On that same Thursday, the Thursday on which Mary Lowther wrote her two despatches to Bullhampton, Miss Marrable sent a note down to Parson John, requesting that she might have an interview with him. If he were at home and disengaged, she would go down to him that evening, or he might, if he pleased, come to her. The former she thought would be preferable. Parson John assented, and very soon after dinner the private brougham came round from the Dragon, and conveyed Miss Marrable down to the rectory at Lowtown.
“I am going down to Parson John,” said she to Mary. “I think it best to speak to him about the engagement.”
Mary received the information with a nod of her head that was intended to be gracious, and Aunt Sarah proceeded on her way. She found her cousin alone in his study, and immediately opened the subject which had brought her down the hill. “Walter, I believe, has told you about this engagement, Mr. Marrable.”
“Never was so astonished in my life! He told me last night. I had begun to think that he was getting very fond of her, but I didn’t suppose it would come to this.”
“Don’t you think it very imprudent?”
“Of course it’s imprudent, Sarah. It don’t require any thinking to be aware of that. It’s downright stupid;—two cousins with nothing a year between them, when no doubt each of them might do very well. They’re well-born, and well-looking, and clever, and all that. It’s absurd, and I don’t suppose it will ever come to anything.”
“Did you tell Walter what you thought?”
“Why should I tell him? He knows what I think without my telling him; and he wouldn’t care a pinch of snuff for my opinion. I tell you because you ask me.”
“But ought not something to be done to prevent it?”
“What can we do? I might tell him that I wouldn’t have him here any more, but I shouldn’t like to do that. Perhaps she’ll do your bidding.”
“I fear not, Mr. Marrable.”
“Then you may be quite sure he won’t do mine. He’ll go away and forget her. That’ll be the end of it. It’ll be as good as a year gone out of her life, and she’ll lose this other lover of hers at—what’s the name of the place? It’s a pity, but that’s what she’ll have to go through.”
“Is he so light as that?” asked Aunt Sarah, shocked.
“He’s about the same as other men, I take it; and she’ll be the same as other girls. They like to have their bit of fun now, and there’d be no great harm,—only such fun costs the lady so plaguy dear. As for their being married, I don’t think Walter will ever be such a fool as that.”
There was something in this that was quite terrible to Aunt Sarah. Her Mary Lowther was to be treated in this way;—to be played with as a plaything, and then to be turned off when the time for playing came to an end! And this little game was to be played for Walter Marrable’s delectation, though the result of it would be the ruin of Mary’s prospects in life!
“I think,” said she, “that if I believed him to be so base as that, I would send him out of the house.”
“He does not mean to be base at all. He’s just like the rest of ’em,” said Parson John.

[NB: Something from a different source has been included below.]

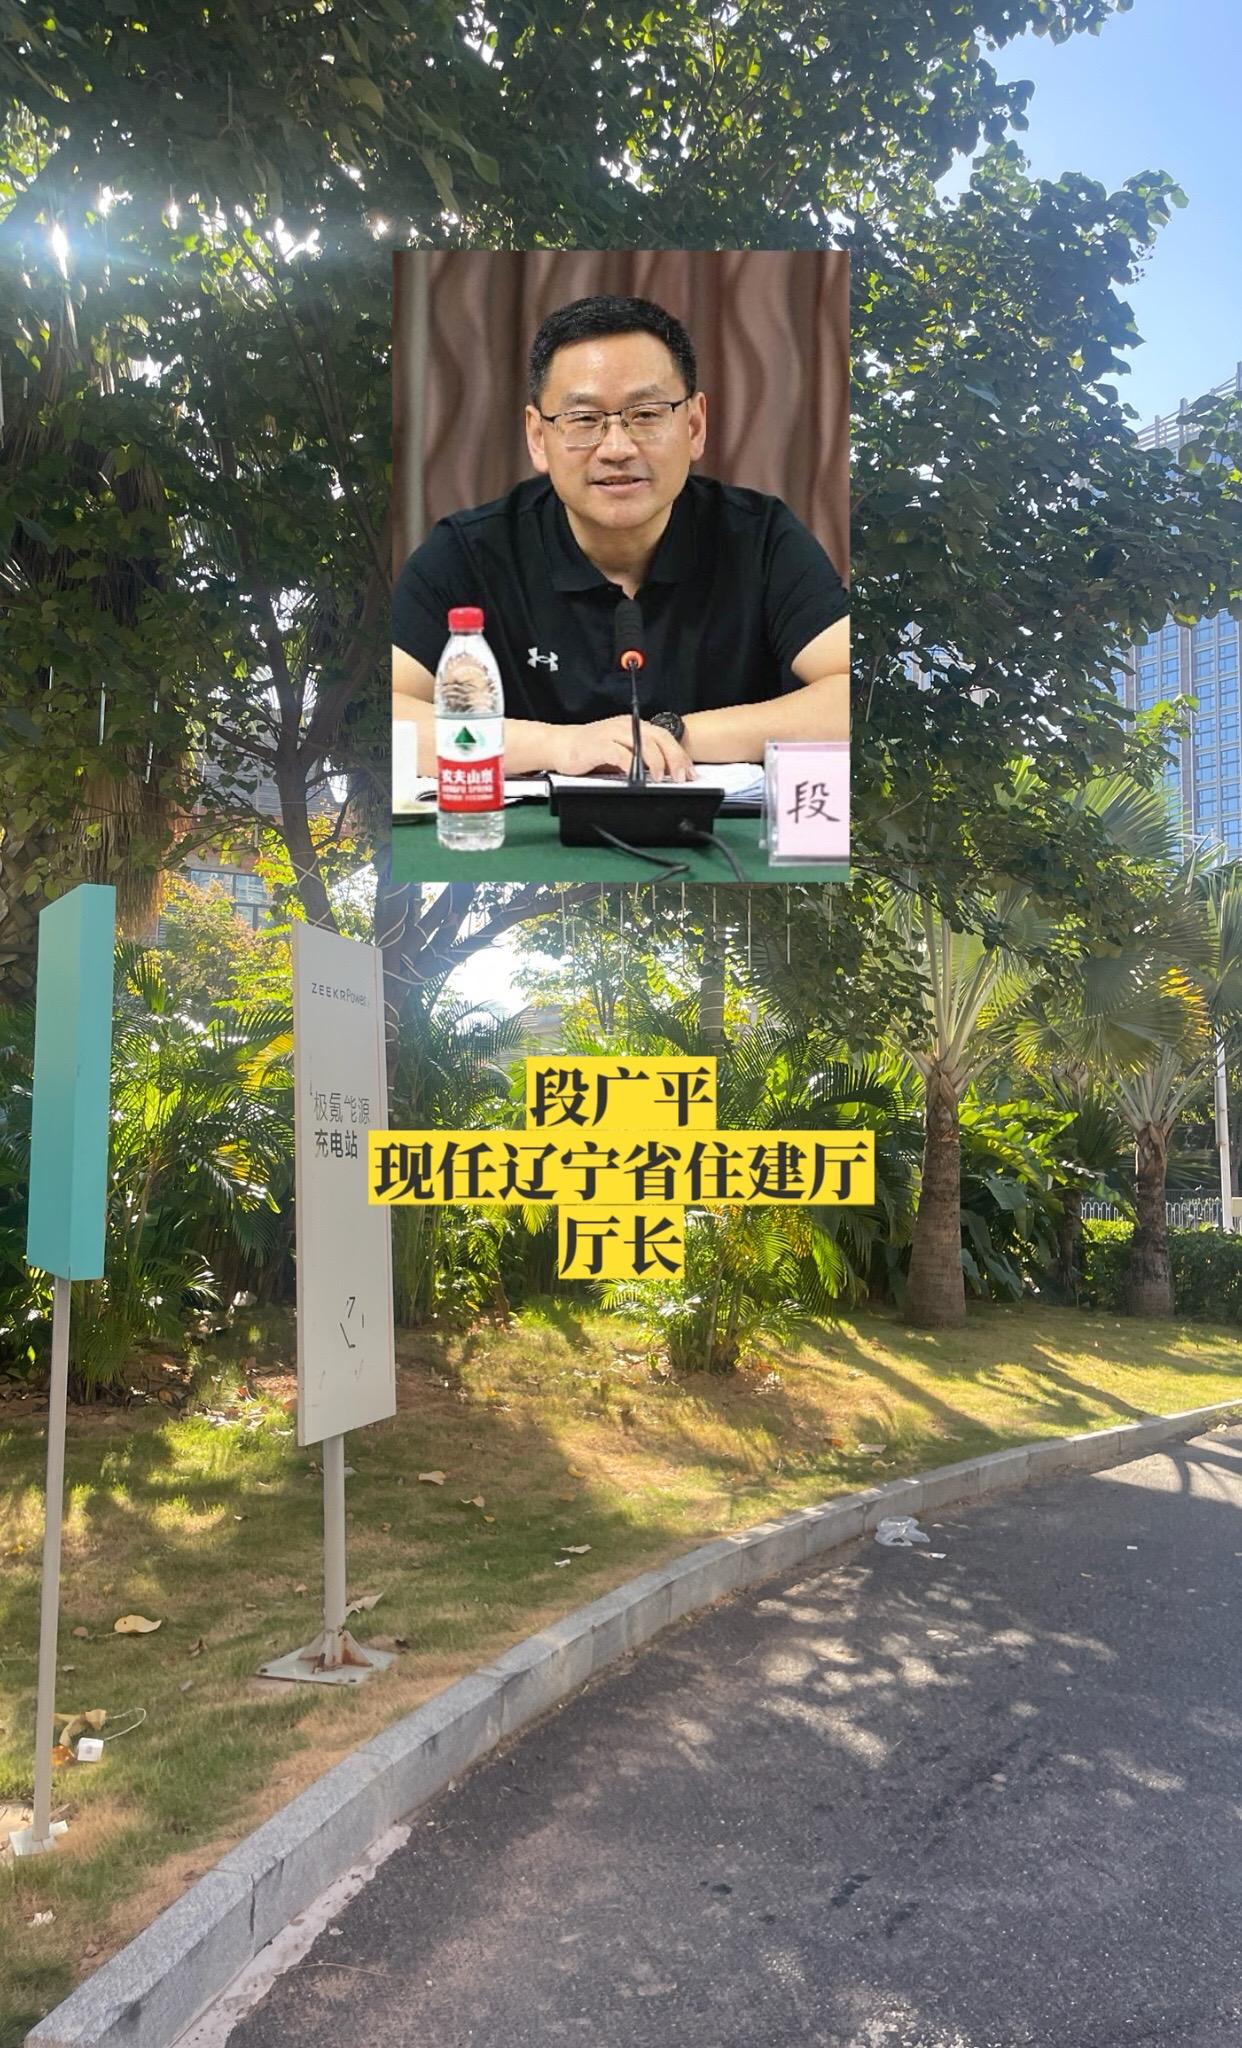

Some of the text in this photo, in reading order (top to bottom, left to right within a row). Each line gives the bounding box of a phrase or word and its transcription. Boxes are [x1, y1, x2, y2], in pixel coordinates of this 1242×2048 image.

Aunt Sarah used every argument in her power to show that something should be done; but all to no purpose. She thought that if Sir Gregory were brought to interfere, that perhaps might have an effect; but the old clergyman laughed at this. What did Captain Walter Marrable, who had been in the army all his life, and who had no special favour to expect from his uncle, care about Sir Gregory? Head of the family, indeed! What was the head of the family to him? If a girl would be a fool, the girl must take the result of her folly. That was Parson John’s doctrine,—that and a confirmed assurance that this engagement, such as it was, would lead to nothing. He was really very sorry for Mary, in whose praise he said ever so many good-natured things; but she had not been the first fool, and she would not be the last. It was not his business, and he could do no good by interfering. At last, however, he did promise that he would himself speak to Walter. Nothing would come of it, but, as his cousin asked him, he would speak to his nephew.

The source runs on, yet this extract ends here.